Lightning in the Deep End
Marcus dragged himself to third base, feeling like a straight-up zombie. Three hours of sleep before finals week will do that to you. His baseball uniform stuck to his skin, humidity wrapping around him like a wet blanket.
"You good, man?" Liam called from the pitcher's mound, spinning the ball like he had all the energy in the world. Some people didn't need sleep. Marcus hated those people.
"Never better," Marcus lied, wiping sweat from his forehead. The June heat was no joke, and Coach had them running drills like they were training for the Olympics.
Then the sky opened up.
First came the lightning — a crack that split the sky in half, painting everything purple for one wild second. Then the rain, dumping like someone overturned a massive bucket overhead.
"PACK IT UP," Coach hollered, but nobody moved. They stood there, twelve teenage boys suddenly embracing the chaos. Marcus tipped his head back, letting the water wash away three days' worth of exhaustion, three AP exams, his mom texting about his college applications like his entire future was hanging by a thread.

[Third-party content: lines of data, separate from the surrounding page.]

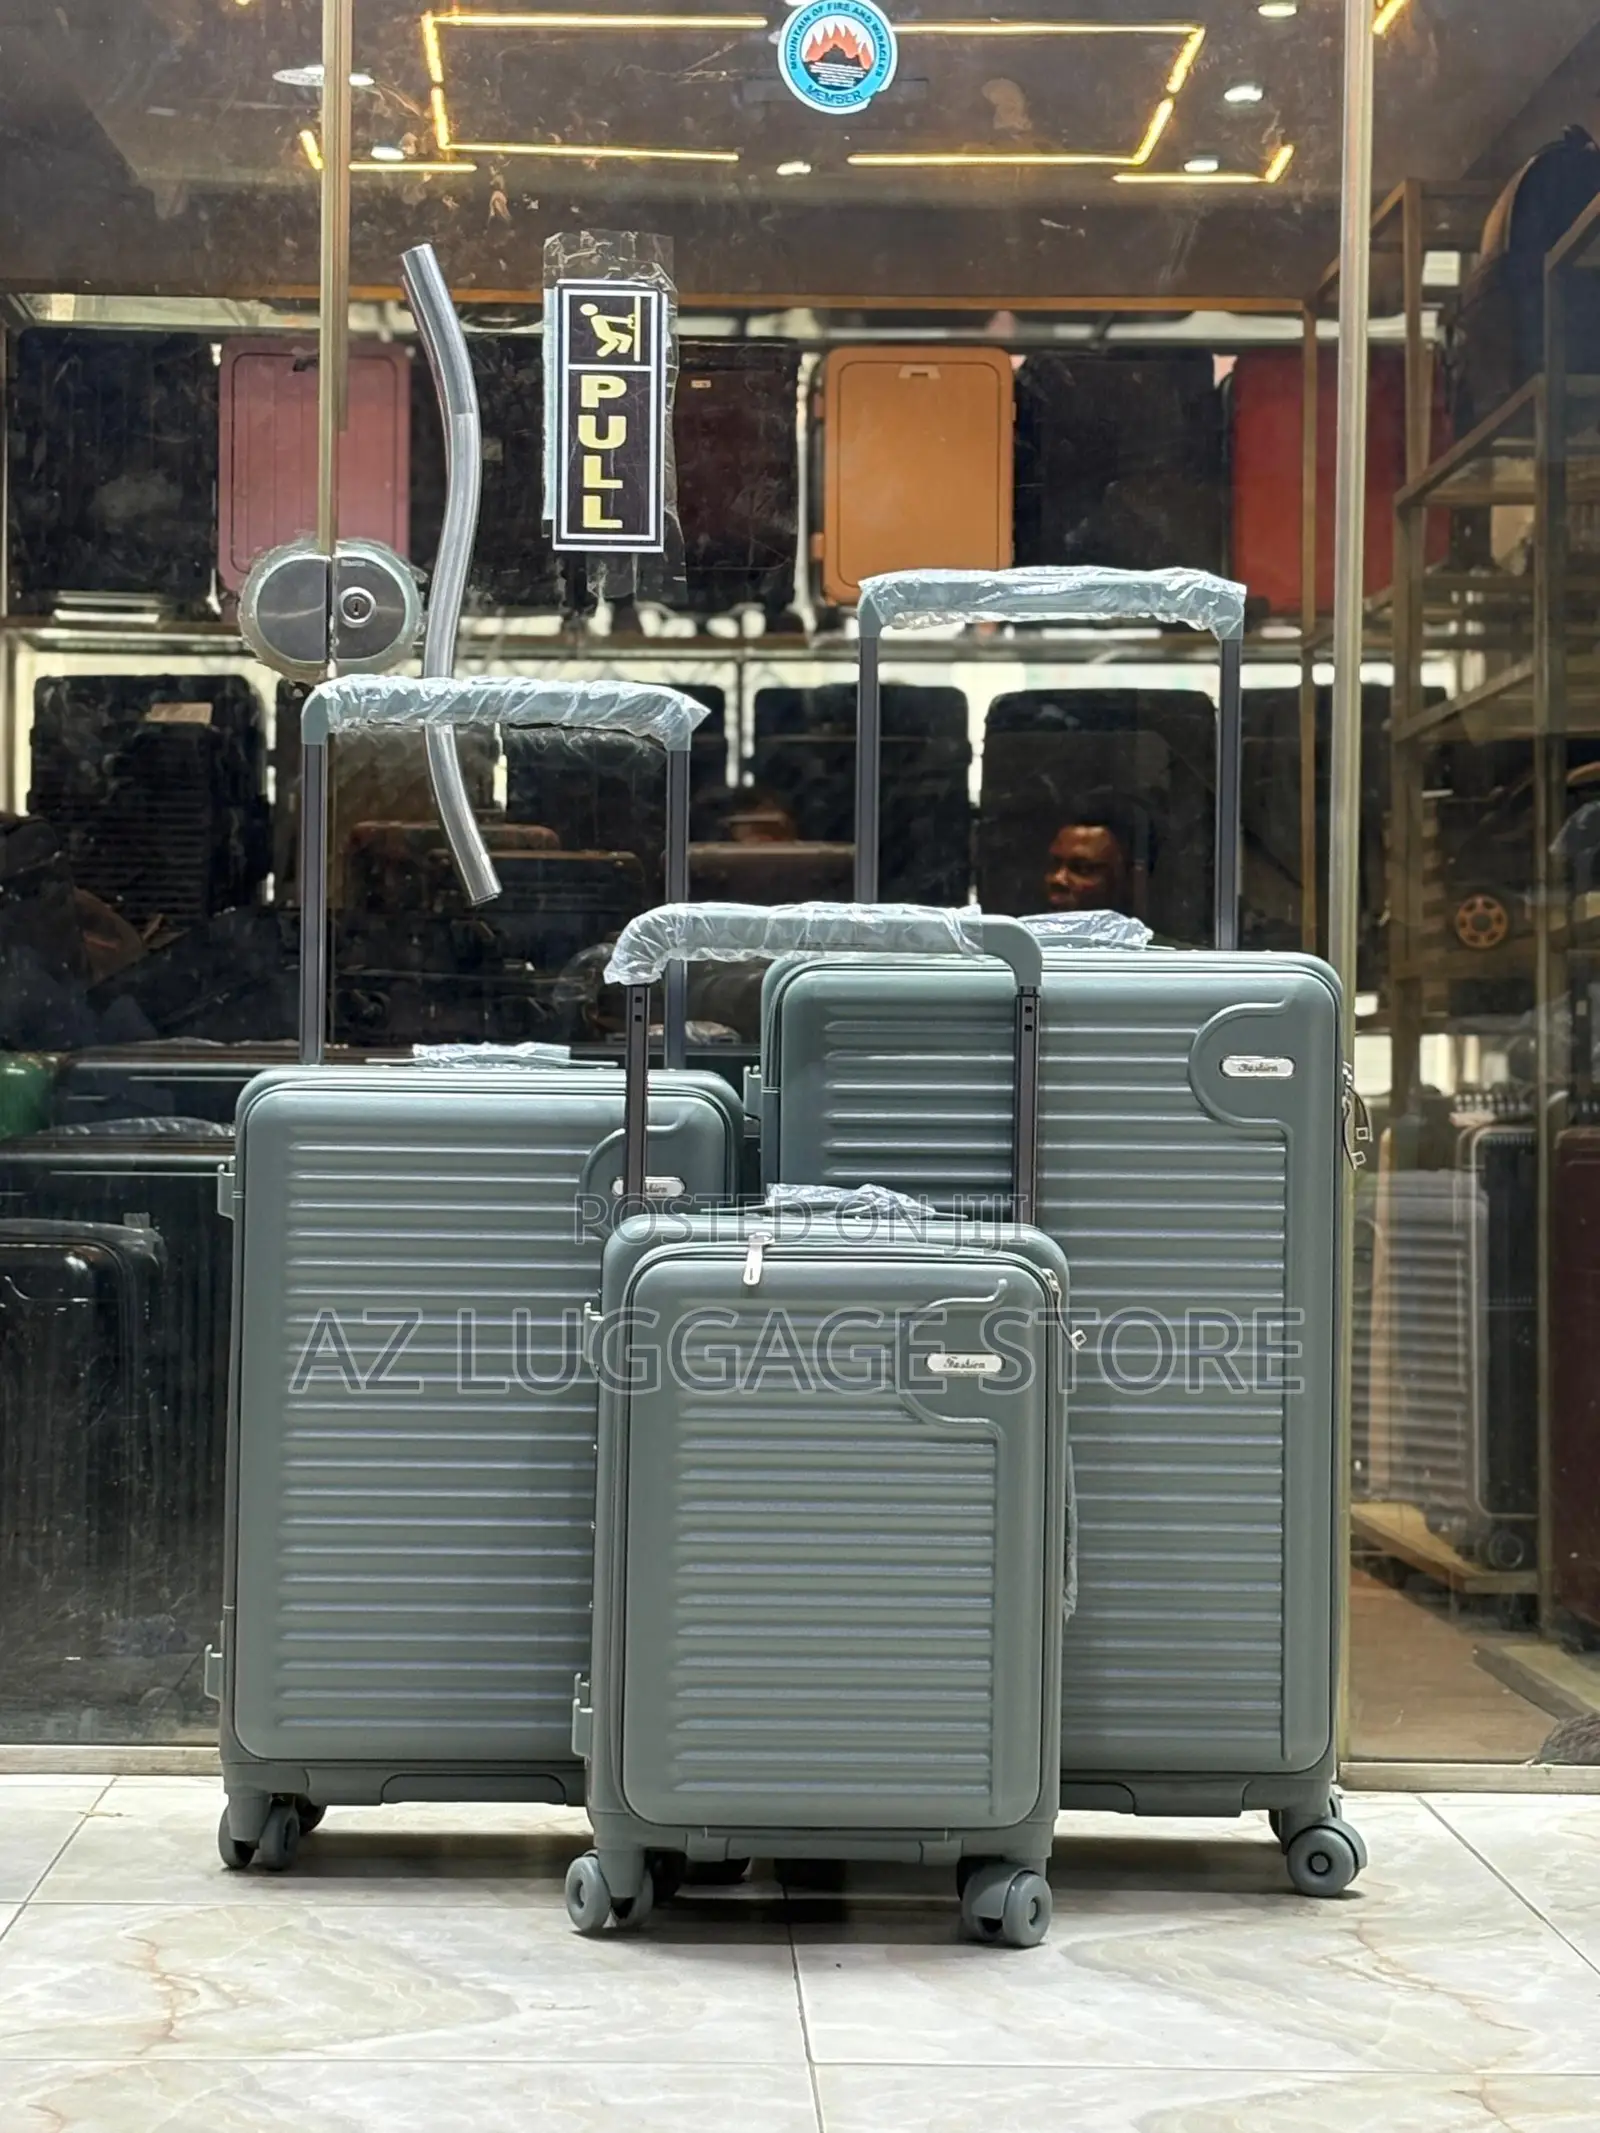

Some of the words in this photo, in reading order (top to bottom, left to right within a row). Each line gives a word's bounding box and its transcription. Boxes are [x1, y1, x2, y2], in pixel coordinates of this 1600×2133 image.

[790, 15, 811, 70] MOUNTAIN
[812, 5, 823, 16] OF
[827, 2, 850, 12] FIRE
[852, 7, 872, 23] AND
[805, 84, 863, 104] MEMBER
[577, 373, 628, 529] PULL

"Pool," Liam shouted over the thunder. "NOW."
They didn't even change. Just sprinted the three blocks to Liam's house in their cleats, diving into the pool fully clothed like their lives depended on it. The shock of cold water hit Marcus like a physical reset button. He floated on his back, watching the lightning flicker through the gaps in the clouds, realizing he hadn't felt this awake in weeks.

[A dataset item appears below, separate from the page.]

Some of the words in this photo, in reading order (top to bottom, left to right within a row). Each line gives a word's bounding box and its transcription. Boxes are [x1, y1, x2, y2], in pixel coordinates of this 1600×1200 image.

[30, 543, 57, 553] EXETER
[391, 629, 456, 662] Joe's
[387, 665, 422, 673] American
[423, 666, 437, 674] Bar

"You know what this is?" Liam said, paddling beside him, hair plastered to his forehead like a drowned rat. "This is exactly what nobody tells you about being seventeen."
"What?" Marcus asked, treading water.
"It's that you're supposed to feel like a zombie. Like, ALL the time. That's not a bug. That's the whole deal." Liam splashed him. "But then you get moments like this. And you remember that you're not dead yet."

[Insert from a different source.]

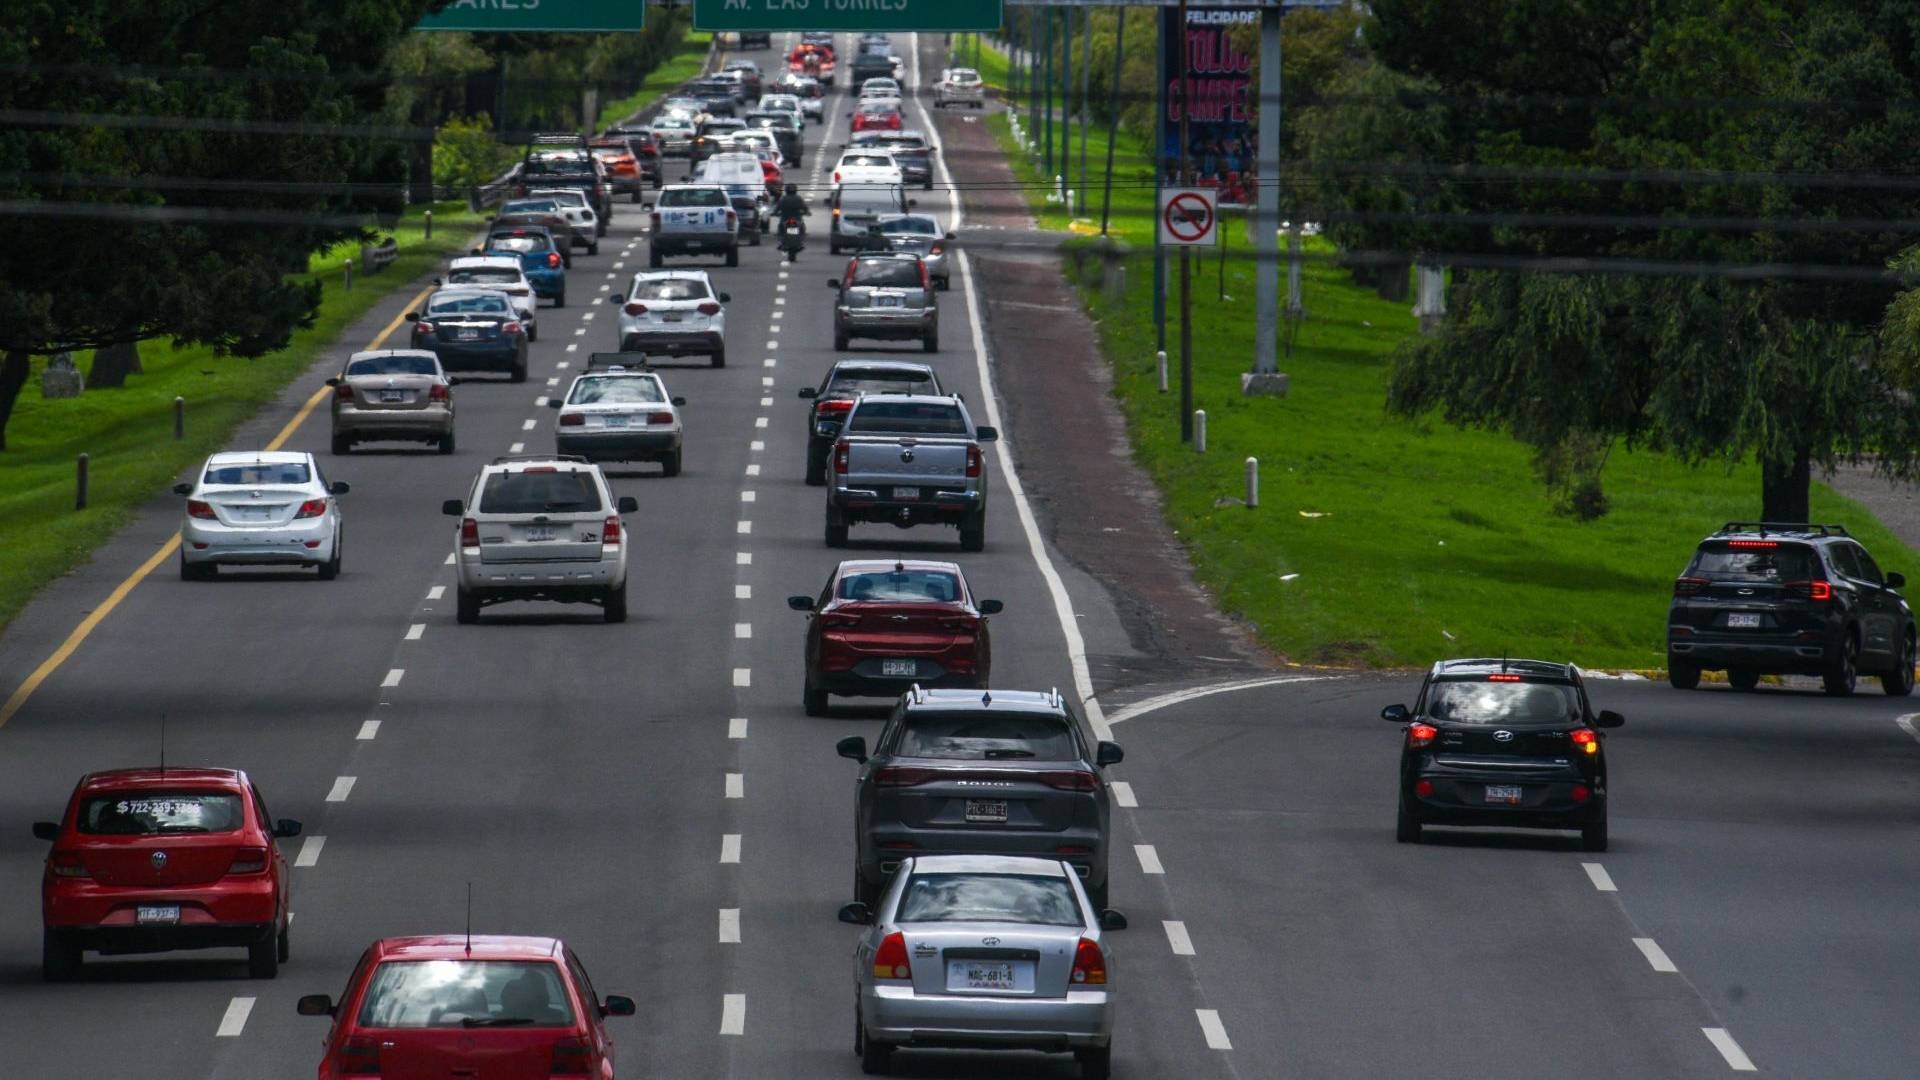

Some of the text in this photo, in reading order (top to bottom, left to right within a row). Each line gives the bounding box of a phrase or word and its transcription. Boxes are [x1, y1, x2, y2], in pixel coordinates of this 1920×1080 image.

[1186, 10, 1258, 24] FELICIDADE
[1183, 30, 1251, 73] TOLUC
[1168, 78, 1256, 122] CAMPE

Marcus laughed, a real one. The baseball game, the zombie state, the pool, the lightning — all of it clicking into something like meaning. He wasn't just surviving high school anymore. He was living it.
"Bro," Marcus said, flipping onto his stomach. "That's actually deep for someone who failed English."
"Rude." Another lightning strike illuminated Liam's grin. "But also, I didn't fail. I'm just currently experiencing academic challenges."
They stayed in the pool until the storm passed, two zombies figuring out how to be alive.